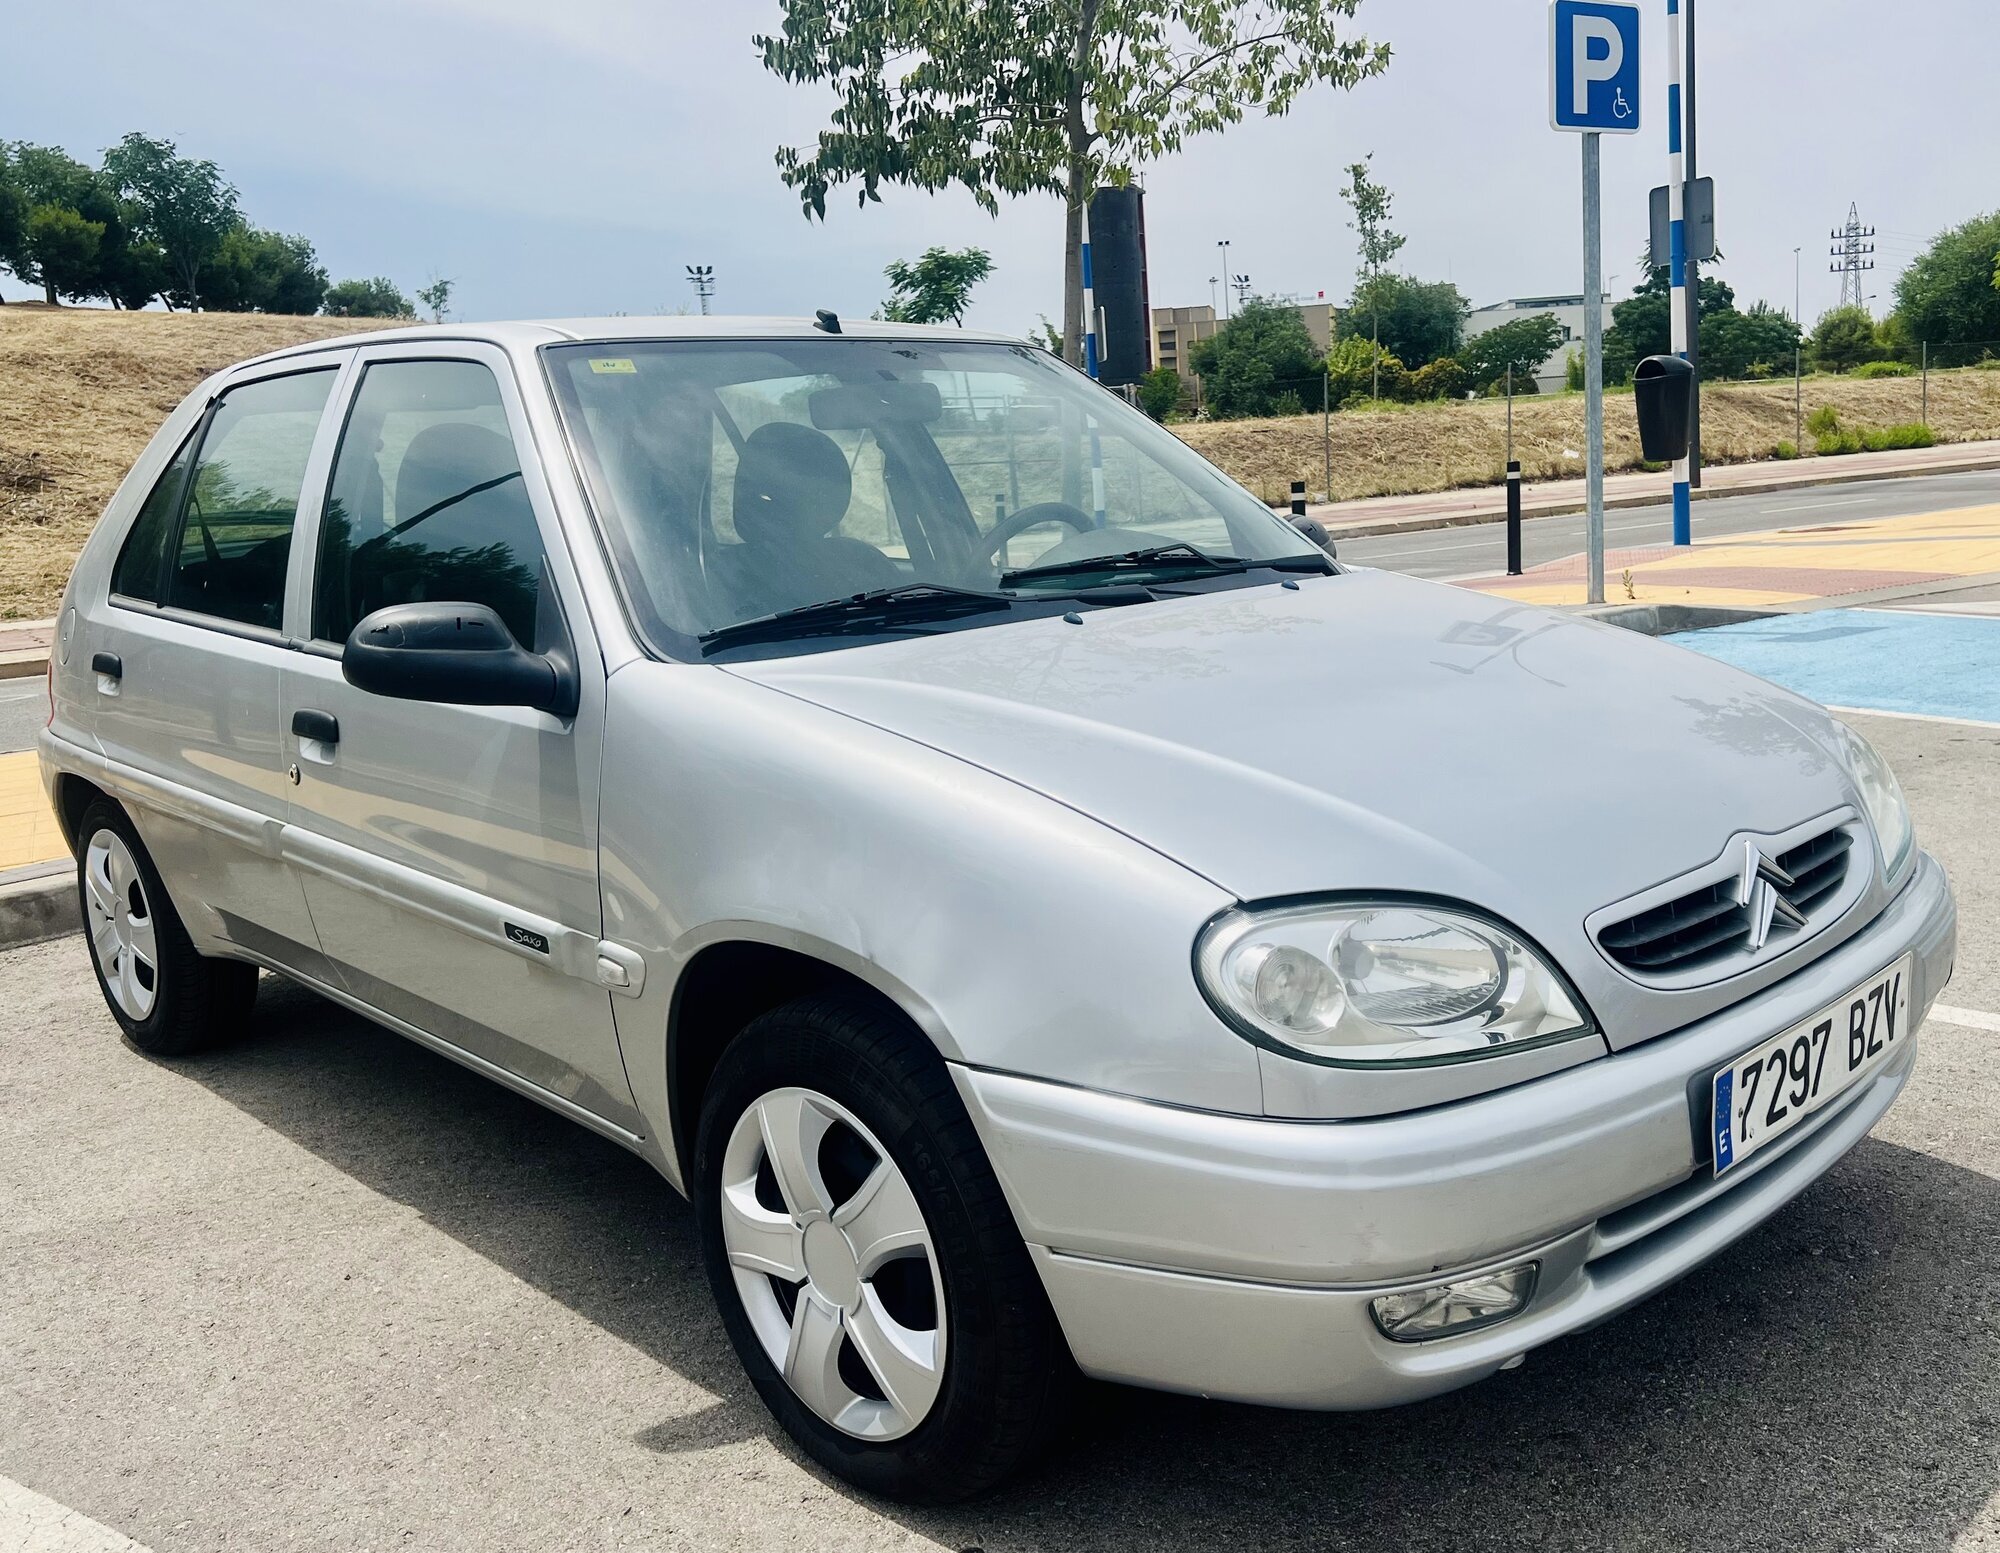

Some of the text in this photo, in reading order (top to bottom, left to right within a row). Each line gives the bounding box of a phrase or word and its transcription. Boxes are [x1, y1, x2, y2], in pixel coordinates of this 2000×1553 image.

[1573, 14, 1623, 114] P
[510, 929, 541, 948] Saxo
[1741, 971, 1900, 1143] 7297 BZV
[1719, 1128, 1729, 1154] E

> [WORK INSTRUCTIONS]
Retype the listing above exactly, please. Pictures do not belong in the copy.

> [EXPECTED OUTPUT]
Some of the text in this photo, in reading order (top to bottom, left to right within a row). Each line gives the bounding box of a phrase or word and its transcription. Boxes are [x1, y1, x2, y2], in pixel coordinates of this 2000×1553 image.

[1573, 14, 1623, 114] P
[510, 929, 541, 948] Saxo
[1741, 971, 1900, 1143] 7297 BZV
[1719, 1128, 1729, 1154] E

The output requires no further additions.